Plastic bags are becoming an epidemic. They make their home under the kitchen sinks of millions of Americans. They drift down the street like lone ghosts and roost in the trees. Plastic bags float in scenic streams and rivers all across the country. This dreadful plastic bags epidemic is choking the life out of us. What will we do? The solution for ridding ourselves of this epidemic is within our grasp. Plastic bags are taking over. We must take drastic steps to fight this epidemic while we can. Plastic bags multiply like rabbits. They fly out of city dumpsters in massive swarms to overtake the world. The plastic bags epidemic is spreading. It must be wiped out at all cost.
Return all plastic bags.
Gather all remains. Root them out from under the sinks and hiding holes of thy habitat and return them to the originators of this tragic epidemic. Be sure to proceed in a gleeful manner to the source of the epidemic with said plastic bags. Greet these persons with care, lest they not accept the plastic bags which have been so diligently collected. Lest ye forget, many fair vendors do offer monies in exchange for the return of their plastic bags.
Refuse to use plastic bags.
Rebel against the retail gods. Be heard by the leaders of the epidemic. Break out of the plastic bags mold. Just say no to bringing home more plastic bags. Cease adding to the supply by stopping the demand. Curtail the endless plastic bag pollution that hath scathed the nation. Cry out against evil plastic bags conspirators. Say unto them, “No thank you for I have brought my own bag, kind sir or madame, and I intend to use it against this outrageous epidemic”.
Choose an alternative.
Anything that holds purchases and carries easily may be utilized as a plastic bag substitute. A box, a carton, or a pillowcase. Take thy pillowcase to the store rather than spreading the plastic bags epidemic. Make a fool of yourself but stop this foolishness before it stops you. Frequent establishments where cloth bags can be purchased and used repeatedly. Make thine own bag using old blue jeans or by tying together a sweat shirt. Do anything man, time is of the essence.

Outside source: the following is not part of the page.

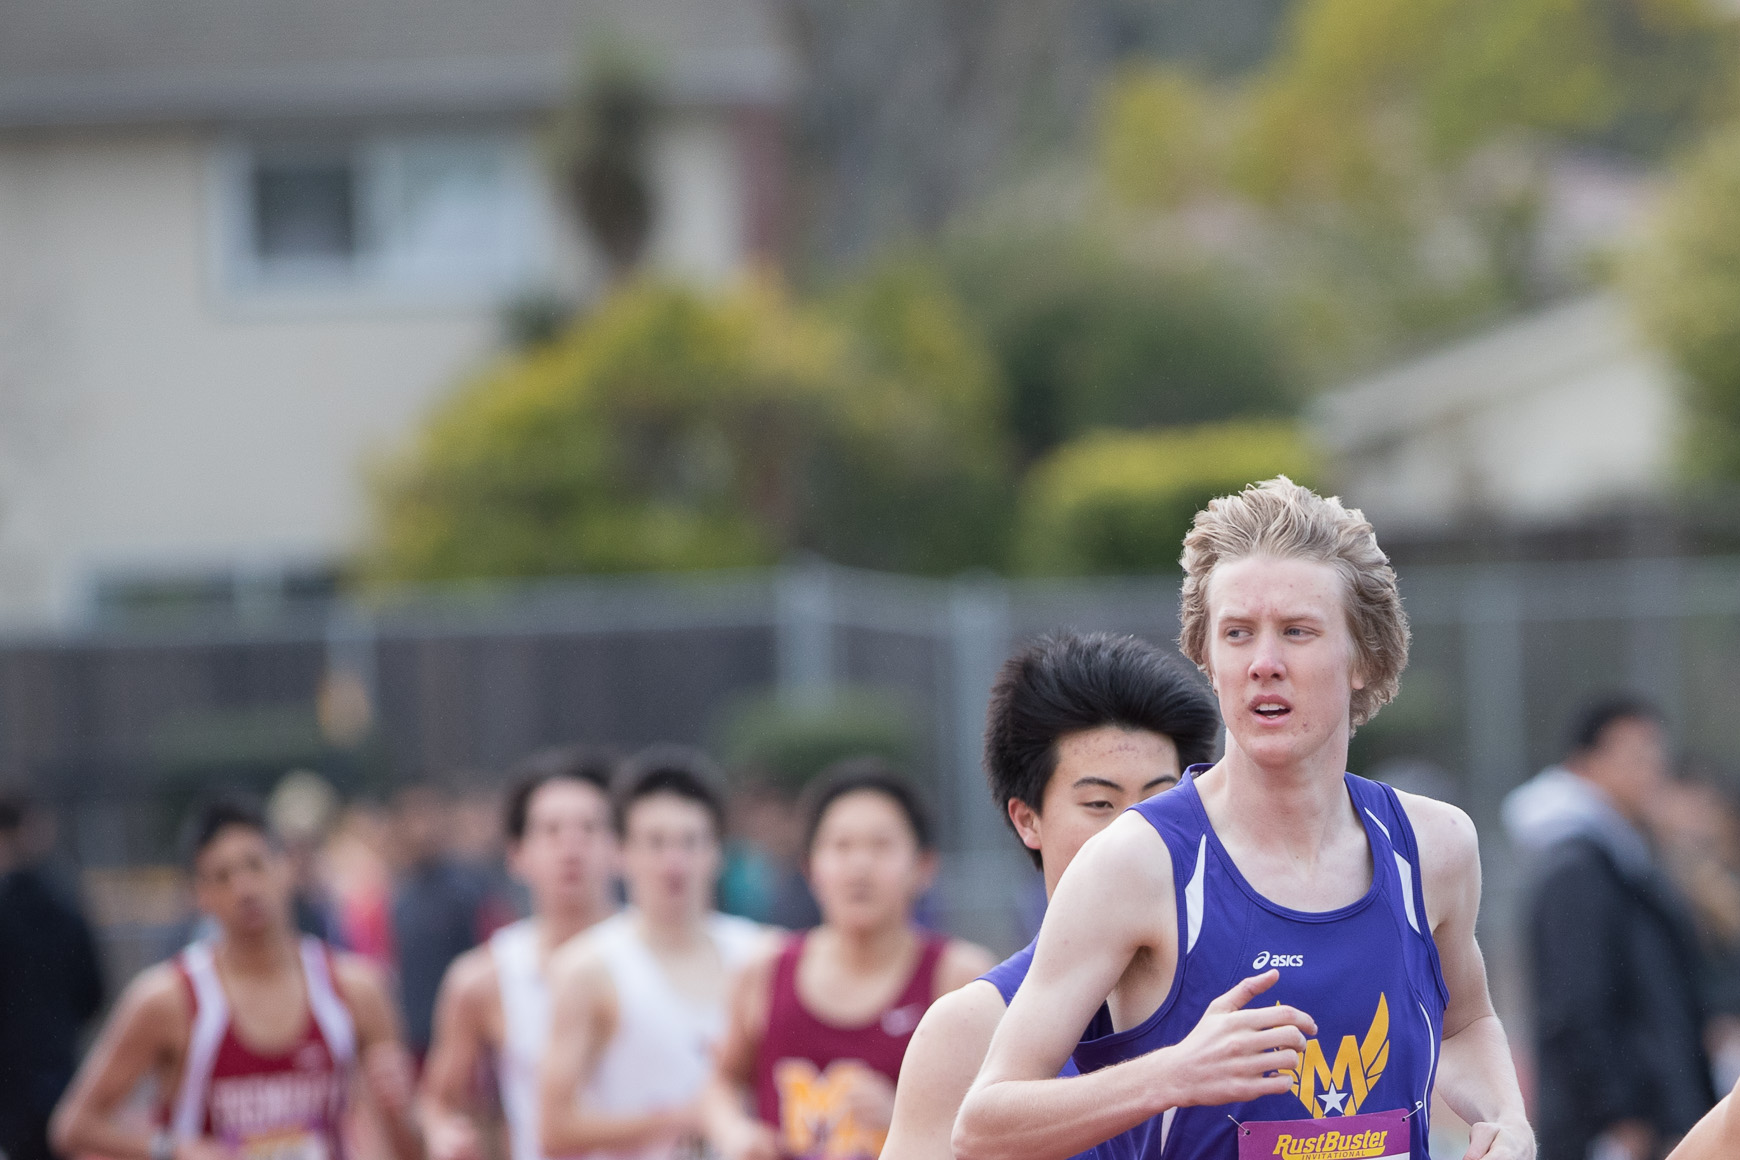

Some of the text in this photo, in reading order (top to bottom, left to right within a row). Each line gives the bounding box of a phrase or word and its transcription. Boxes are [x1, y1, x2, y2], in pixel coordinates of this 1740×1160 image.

[1270, 954, 1304, 967] asics
[1272, 1129, 1389, 1155] RustBuster
[1301, 1150, 1367, 1160] INVITATIONAL
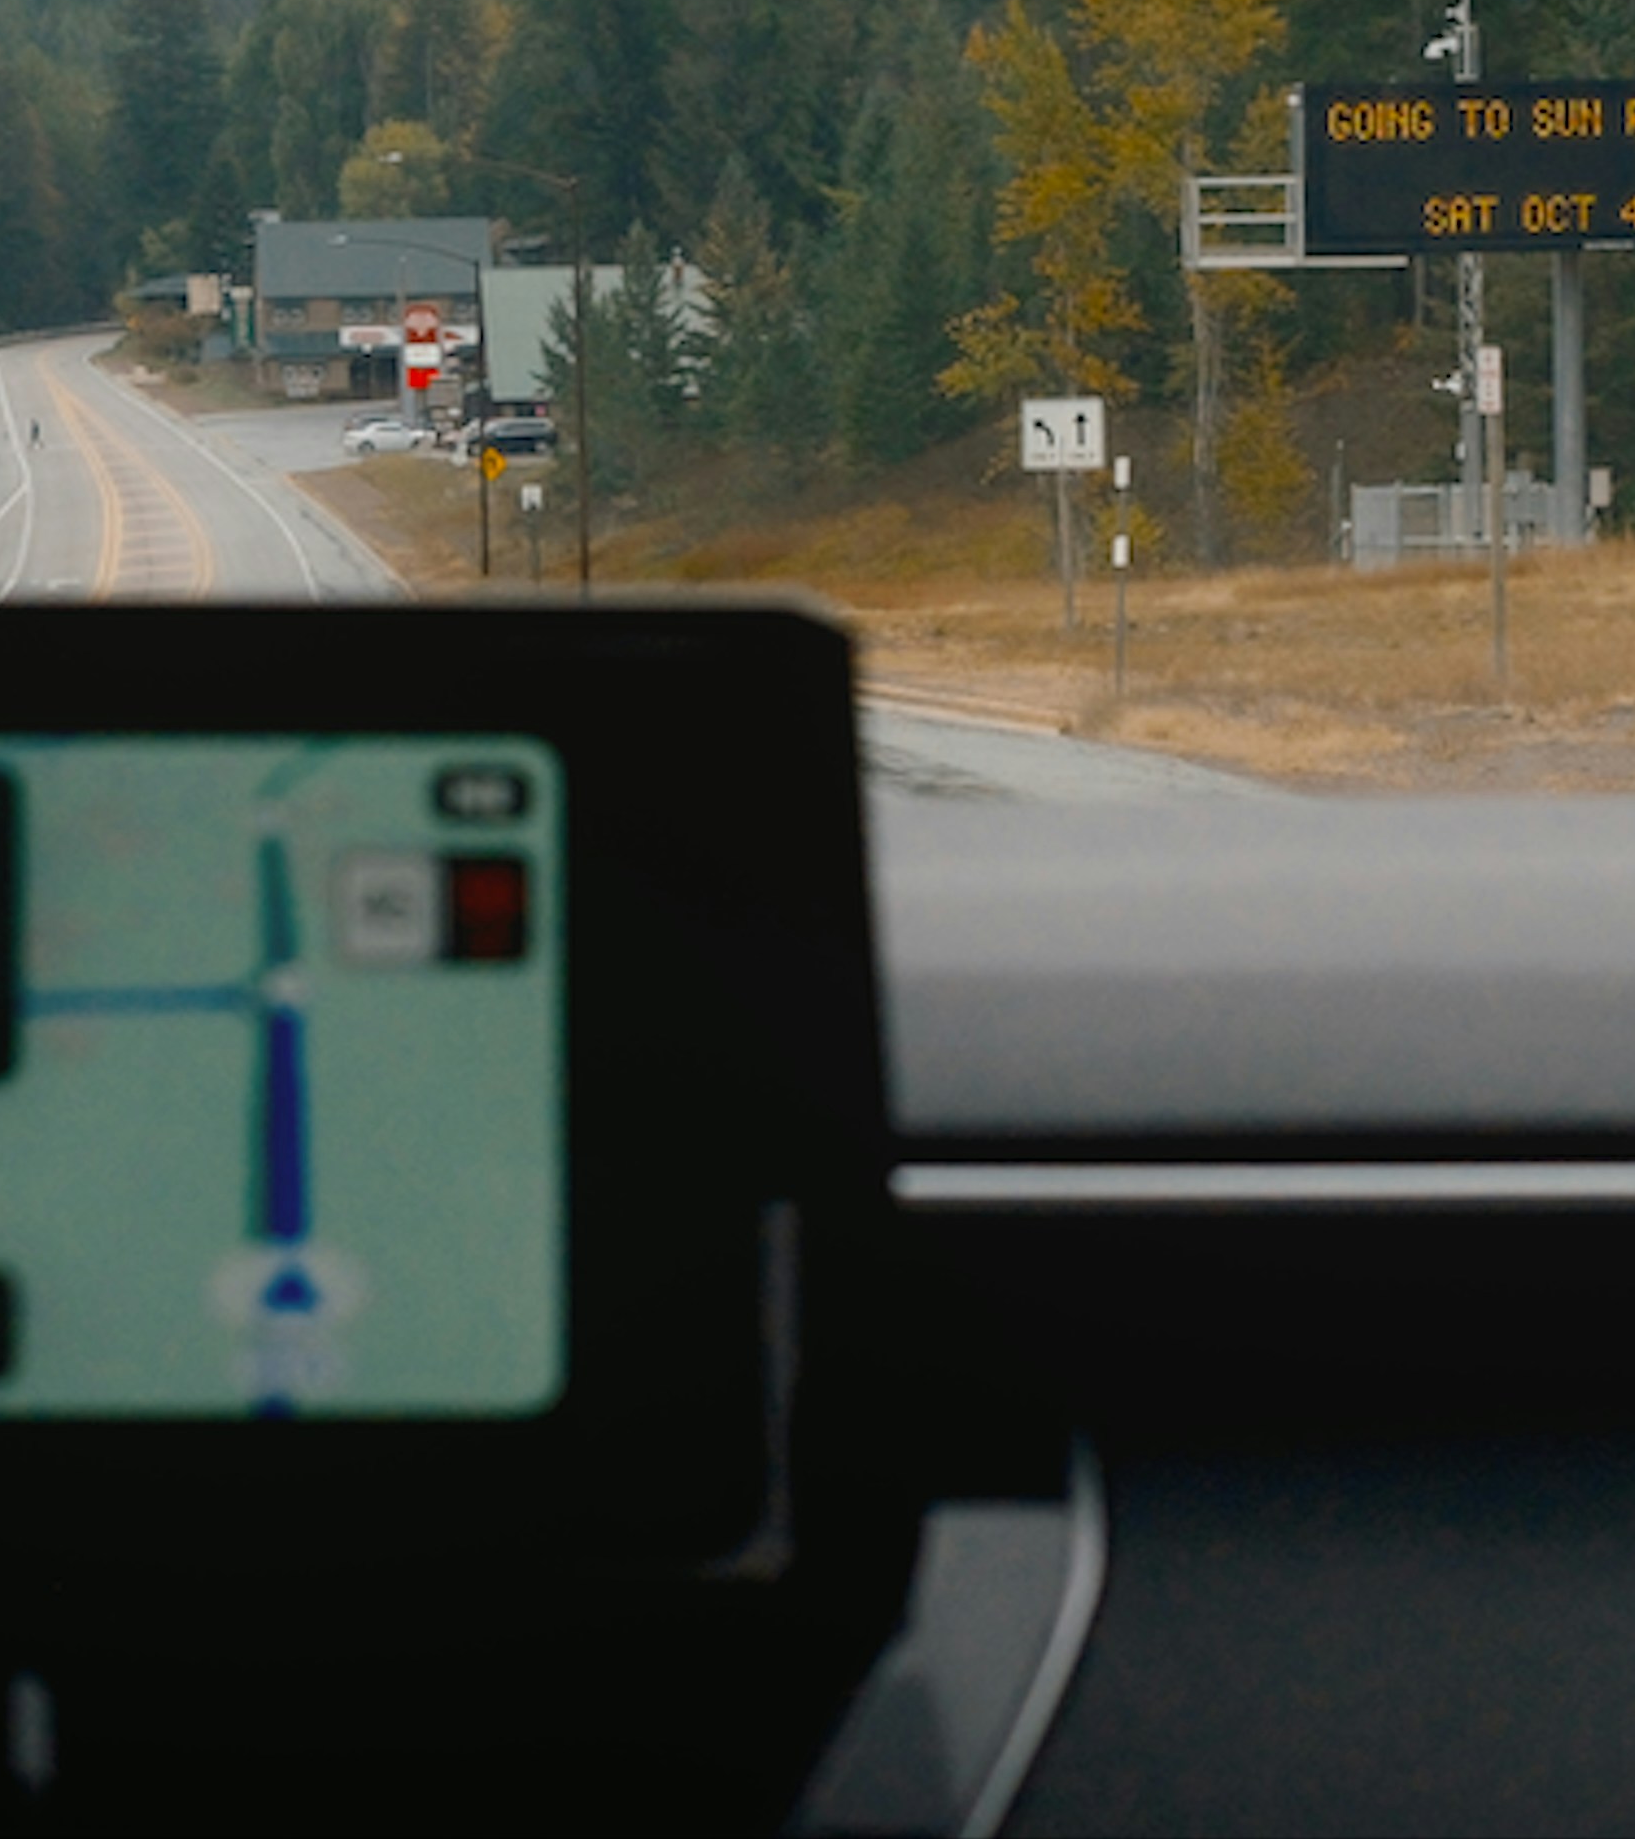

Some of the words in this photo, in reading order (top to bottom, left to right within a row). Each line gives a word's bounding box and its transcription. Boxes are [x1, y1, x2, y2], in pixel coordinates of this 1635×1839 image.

Shop proudly with your new bag.
Hold your head high in the aisles of the finest shopping establishments. Wave your knotted sweatshirt with pride as you boldly fight this sad epidemic. Sneer and chuckle at the plastic bag people. Thou art far superior. Nod to the clerk as you proudly submit your pillowcase to be filled to overflowing. Sleep easily tonight my friend, for the plastic bags epidemic has been swiftly averted.